> **What the exercise asks**
The entries below are to be reproduced exactly, with their pictures omitted.

Stored dataset items:
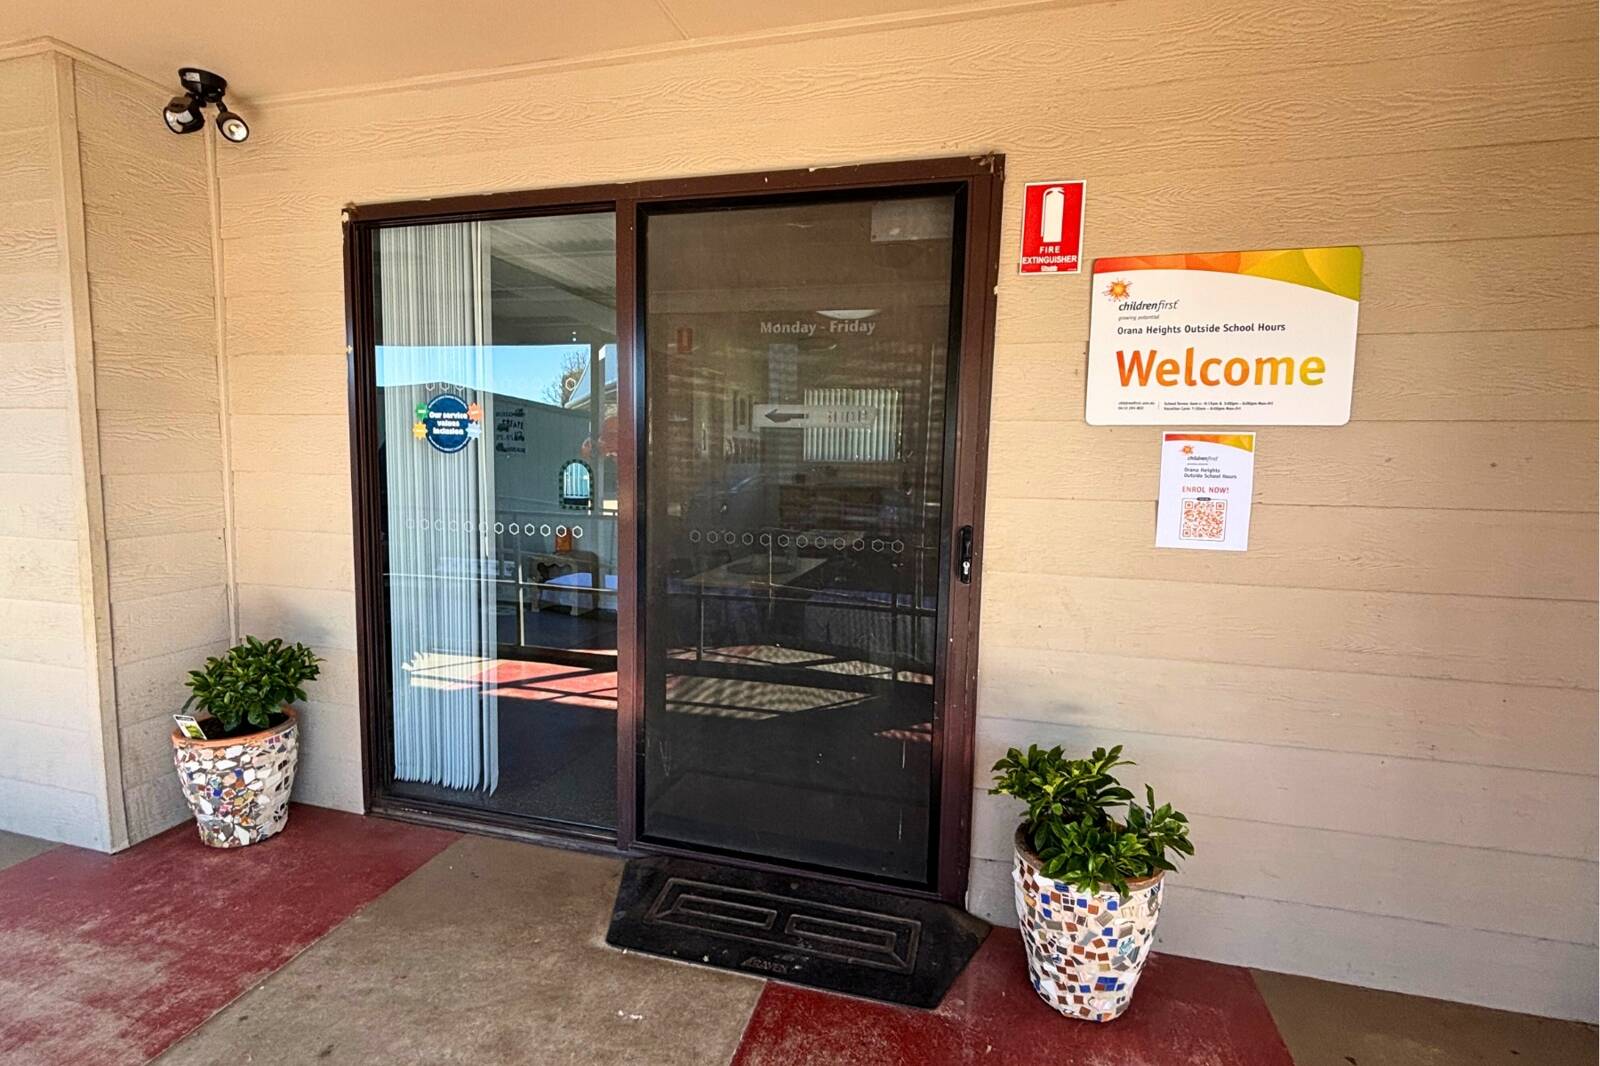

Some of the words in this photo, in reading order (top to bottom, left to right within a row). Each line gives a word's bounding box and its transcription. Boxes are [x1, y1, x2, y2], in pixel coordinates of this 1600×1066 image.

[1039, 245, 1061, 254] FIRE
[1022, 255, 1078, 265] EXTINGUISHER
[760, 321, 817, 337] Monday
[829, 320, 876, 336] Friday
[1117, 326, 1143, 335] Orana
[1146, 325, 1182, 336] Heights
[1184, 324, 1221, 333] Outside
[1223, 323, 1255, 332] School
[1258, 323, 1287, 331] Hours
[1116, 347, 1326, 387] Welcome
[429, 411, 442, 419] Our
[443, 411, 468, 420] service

> **Output of the task**
Some of the words in this photo, in reading order (top to bottom, left to right within a row). Each line gives a word's bounding box and its transcription. Boxes are [x1, y1, x2, y2], in pixel coordinates of this 1600×1066 image.

[1039, 245, 1061, 254] FIRE
[1022, 255, 1078, 265] EXTINGUISHER
[760, 321, 817, 337] Monday
[829, 320, 876, 336] Friday
[1117, 326, 1143, 335] Orana
[1146, 325, 1182, 336] Heights
[1184, 324, 1221, 333] Outside
[1223, 323, 1255, 332] School
[1258, 323, 1287, 331] Hours
[1116, 347, 1326, 387] Welcome
[429, 411, 442, 419] Our
[443, 411, 468, 420] service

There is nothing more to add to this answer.